Жаворонок - i_028.jpg

— Слушай меня, Ники. Ты меня слышишь? Посмотри на меня.

По ущелью метались лучи света. Как прожектора во время войны.

Это был мужчина. В жёлтой каске. На каске был фонарик. Я всегда хотел такой. У мужчины были усы. Кто вообще в наше время носит усы?

Я его не понимал.

— Кенни, — сказал я.

— Кенни? — переспросил мужчина. — Это твой брат?

— Да.

— С ним всё в порядке.

Вокруг были другие люди. Мужчины и одна женщина. На них на всех были жёлтые каски с фонариками и одежда из чего-то шершавого. Они все занимались мной.

— На счёт три, — сказал кто-то.

— Раз, два…

И дикая боль, ужаснейшая на свете. Меня подняли и на что-то положили. Потом завернули в фольгу.

— Ты — самая большая в мире индейка, — сказал кто-то.

— Где Кенни? — спросил я.

— Он тебя ждёт.

— Он что, умер?

— Да ты что, парень! Он в больнице. С переохлаждением. Но неплохо себя чувствует. Прямо сейчас, думаю, смотрит телик.

Все люди вокруг были чем-то заняты. Покряхтывая, возились с ремнями.

Кто-то сказал:

— Давай, пока не поздно, вытаскиваем его отсюда.

Я повернул голову и увидел Тину. Она так и лежала на камнях.

— Моя собака, — сказал я, но уже всё понял.

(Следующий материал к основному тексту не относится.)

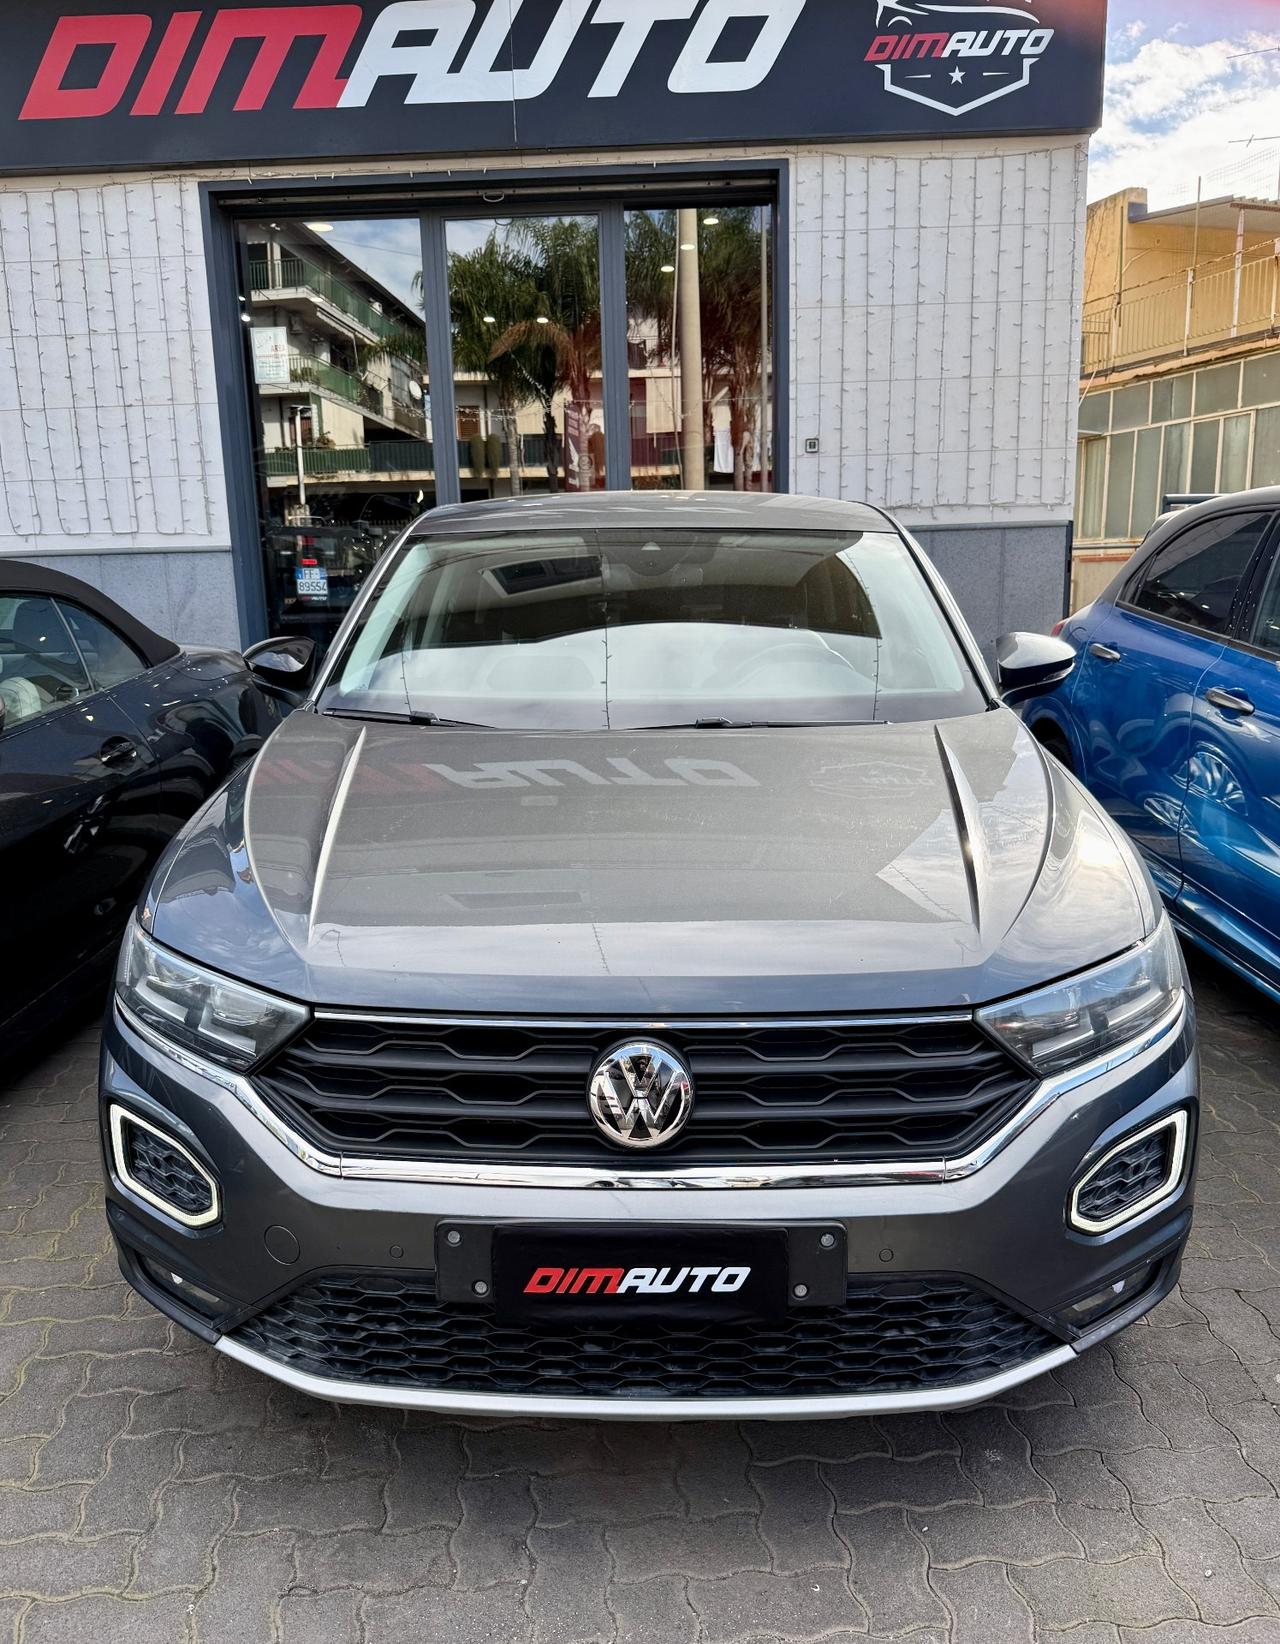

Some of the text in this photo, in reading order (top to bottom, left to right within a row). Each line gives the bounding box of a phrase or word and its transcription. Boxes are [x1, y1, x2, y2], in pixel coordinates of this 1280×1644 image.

[18, 0, 806, 120] DIMAUTO
[864, 28, 1055, 62] DIMAUTO
[299, 581, 327, 592] 89554
[592, 1044, 690, 1147] VW
[523, 1267, 751, 1294] DIMAUTO

— Мне очень жаль, сынок, — сказал мужчина.

— Не бросайте её здесь.

— Да ни за что.

— Вы её похороните? Где-нибудь в красивом месте…

— Конечно.

— Только Кенни не говорите.

— Разумеется, не скажу.

Несколько мужчин и женщина подняли меня и понесли. Закинув назад голову, я увидел, как мужчина подбирает с камней Тину, нашу собаку, которая отдала мне последние остатки своего тепла.

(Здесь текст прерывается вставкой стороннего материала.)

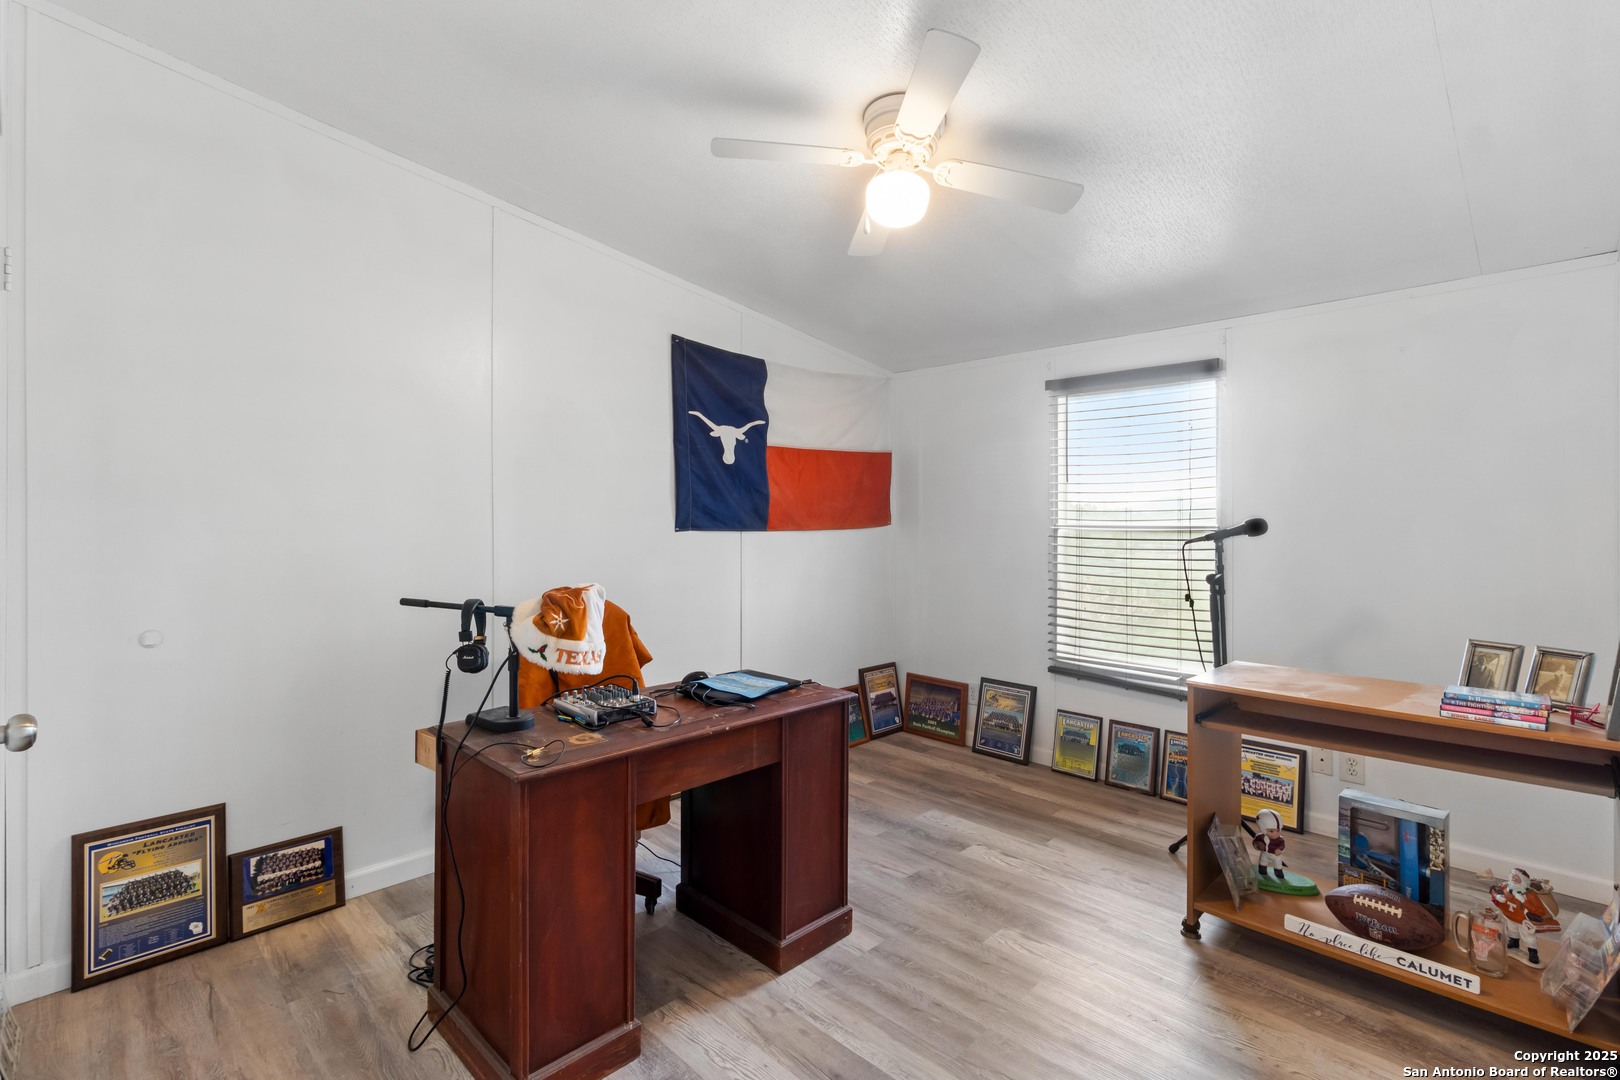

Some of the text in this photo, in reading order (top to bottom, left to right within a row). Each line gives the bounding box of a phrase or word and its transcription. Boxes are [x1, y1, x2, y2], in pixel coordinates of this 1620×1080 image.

[1467, 701, 1495, 710] FIGHTING
[1062, 718, 1094, 729] LANCASTER
[1117, 730, 1149, 741] LANCASTER
[143, 831, 196, 848] LANCASTER
[1507, 901, 1517, 912] T
[1355, 912, 1399, 935] Wilson
[1297, 921, 1473, 989] No place like CALUMET
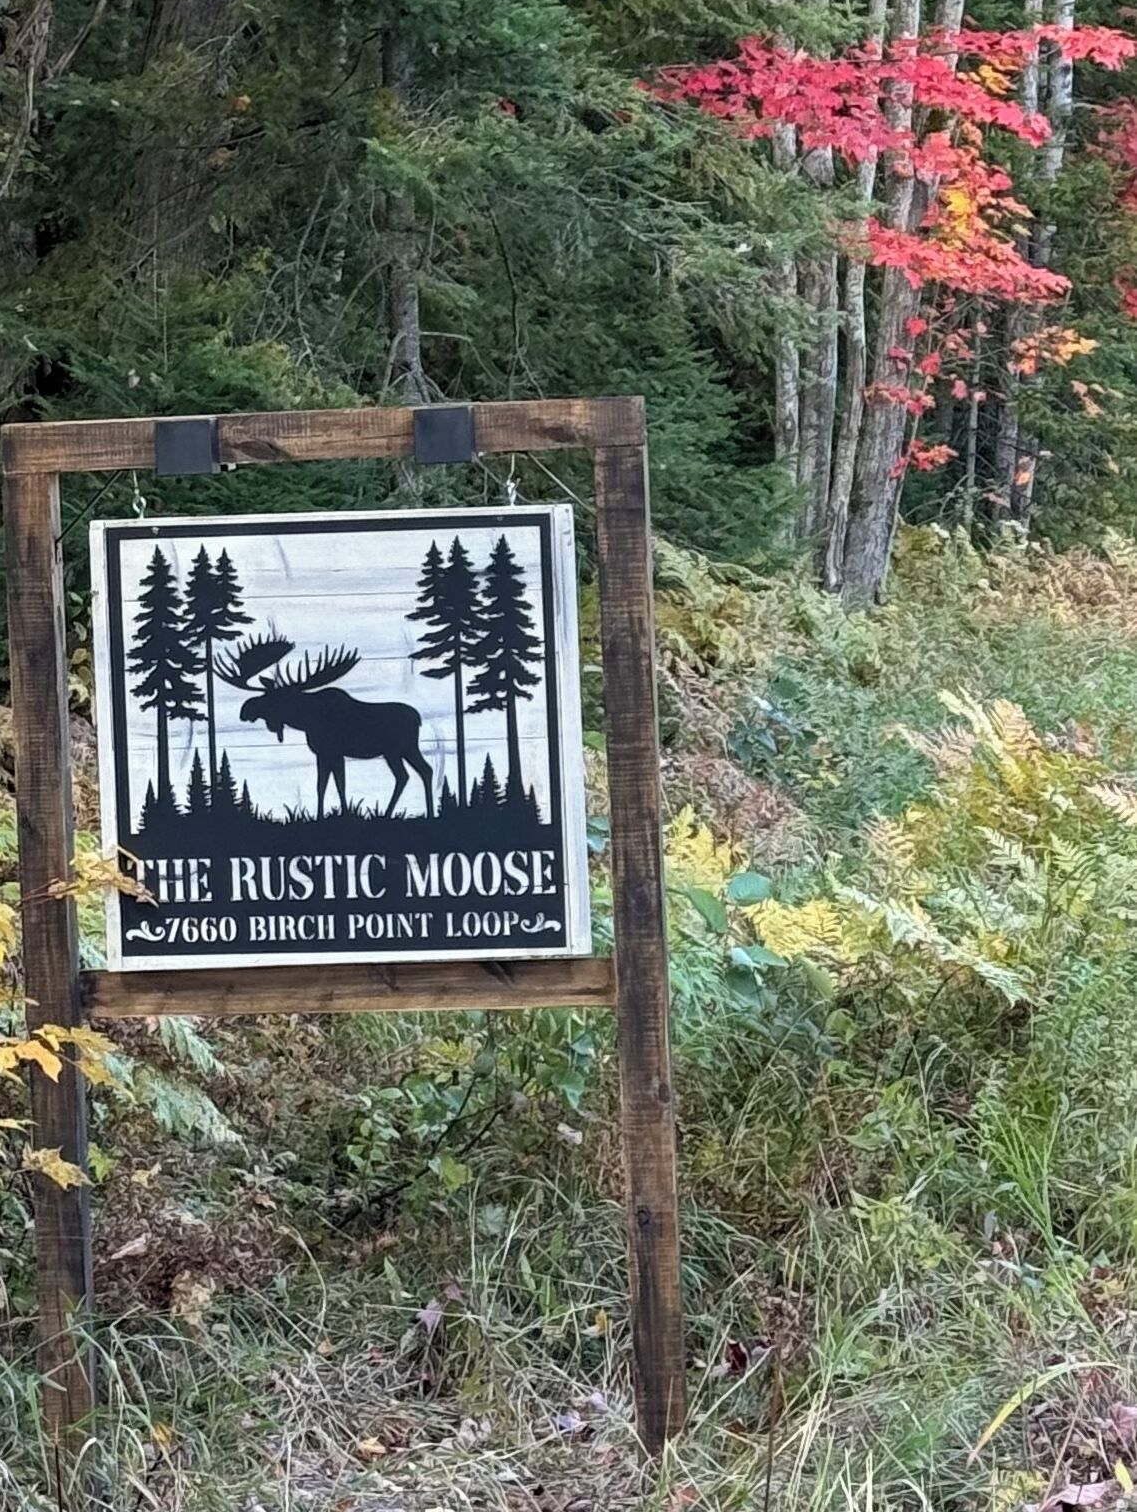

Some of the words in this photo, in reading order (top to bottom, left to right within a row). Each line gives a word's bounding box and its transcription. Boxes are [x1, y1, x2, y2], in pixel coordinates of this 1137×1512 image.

Когда герой истории отключается, а потом какое-то время спустя приходит в себя, всегда кажется, что рассказчик пытается сжульничать. Ну так вот, я не отключился. Я помню, как мужчины и женщина несли меня по ущелью, то шлёпая по воде, то карабкаясь по камням. Потом спасатели потащили меня наверх, чертыхаясь и стараясь ровнее держать носилки. Потом идти стало легче, и мы вышли на дорогу, где нас, сверкая синими огнями, ждала машина скорой помощи. Пока меня несли, я всё время плакал — оплакивал Тину и лил слёзы радости за Кенни. А ещё немножко я плакал оттого, что у меня дико болела чёртова сломанная нога.

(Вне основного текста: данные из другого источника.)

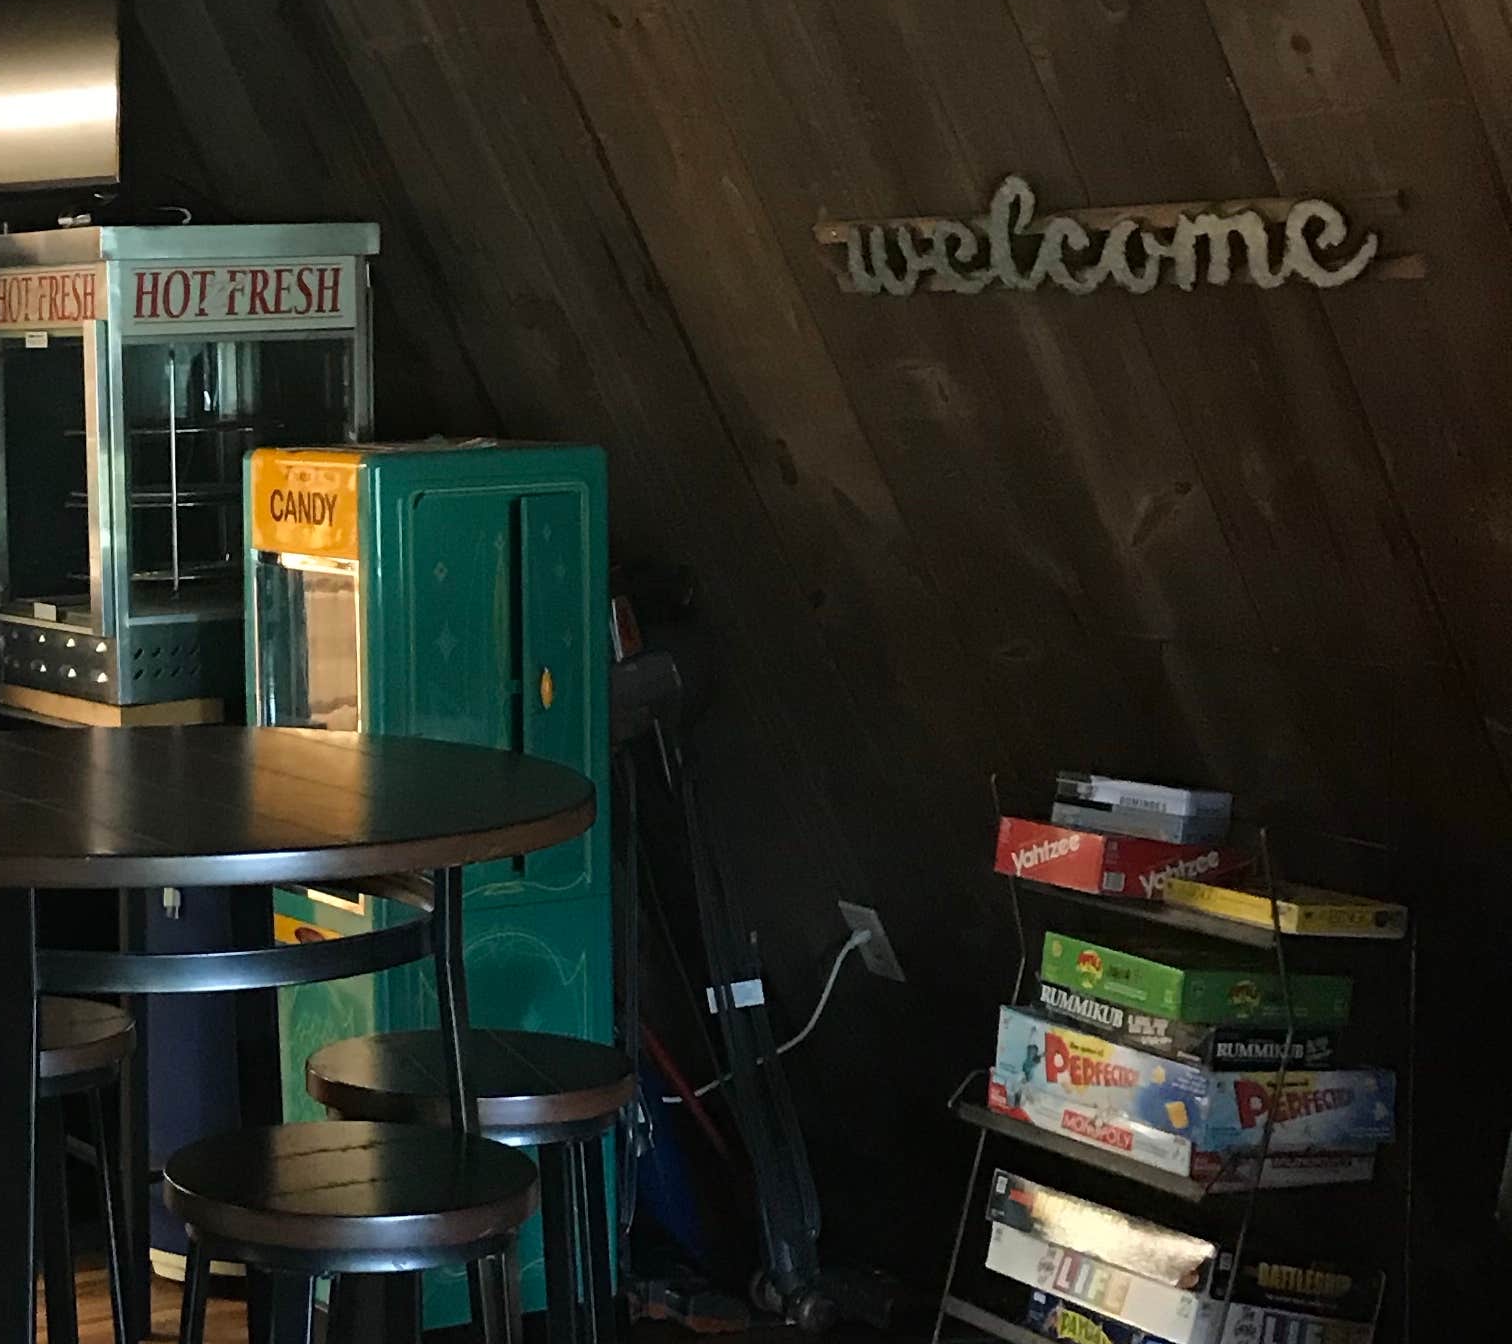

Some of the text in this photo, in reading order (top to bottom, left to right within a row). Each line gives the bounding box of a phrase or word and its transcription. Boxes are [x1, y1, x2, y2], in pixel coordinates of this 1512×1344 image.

[847, 176, 1379, 296] welcome
[38, 273, 96, 321] FRESH
[133, 267, 343, 318] HOT FRESH
[270, 489, 338, 527] CANDY
[1011, 834, 1080, 877] Yahtzee
[1040, 984, 1123, 1028] RUMMIKUB
[1216, 1042, 1304, 1059] RUMMIKUB
[1064, 1113, 1132, 1149] MONOPOLY

По узким извилистым дорогам мы добирались до больницы целую вечность. Ну я как бы и не возражал. Мне было тепло. Когда мы приехали, поднялась жуткая кутерьма. Слишком яркий больничный свет слепил глаза. Сёстры спрашивали одно, врачи другое. Только в больнице я заметил, что мужчина, который взял Тину, куда-то делся. Мне очень хотелось сказать спасибо ему и всем остальным. Хотя, может быть, я и сказал, но просто об этом не помнил.

Первым делом мне умыли лицо и перевязали голову. Я и забыл, что ударился ею, когда упал. После этого меня отвезли делать рентген ноги. Доктор сказал, что гипс можно будет наложить только завтра, когда спадёт отёк. Мне дали таблеток, от которых прошла боль, и ещё немного со мной повозились. А потом пришли отец с Дженни. На дворе всё ещё была ночь.

— Прости, пап, — сказал я.

Отец чуть не плакал.

— Надо же быть таким дебилом, — сказал он, как мне показалось, имея в виду самого себя.

Потом меня повезли по больничным коридорам в кресле-каталке, с одной стороны которого шёл отец, а с другой — Дженни.

— Мы к Кенни? — спросил я.

— Ну да, — ответил отец.

— С ним всё нормально?

— Сам увидишь.

— Откуда ты знаешь, что с ним всё хорошо?

— Мы у него уже были, — сказала Дженни. — Он в полном порядке.

Дженни не была нашей мамой, но я её всё равно любил.

Кенни лежал на кровати в пустой пятиместной палате и смотрел телик, но без звука.

— Всё в порядке, Ники, — сказал он. — Я волновался. Но спасатели сказали, что тебя найдут. Я отморозил себе яйца. Тине не понравилось, когда стало глубоко, и она побежала обратно к тебе. А я потерял шапку. Доктор обещал подарить мне новую. Я попросил, чтобы она была не «Лидса», а «Манчестер Сити». Потому что «Лидс» — отстой. А что тебе сделали с ногой?

— Мне её вправили, — ответил я. — Завтра наложат гипс, и ты сможешь на нём расписаться.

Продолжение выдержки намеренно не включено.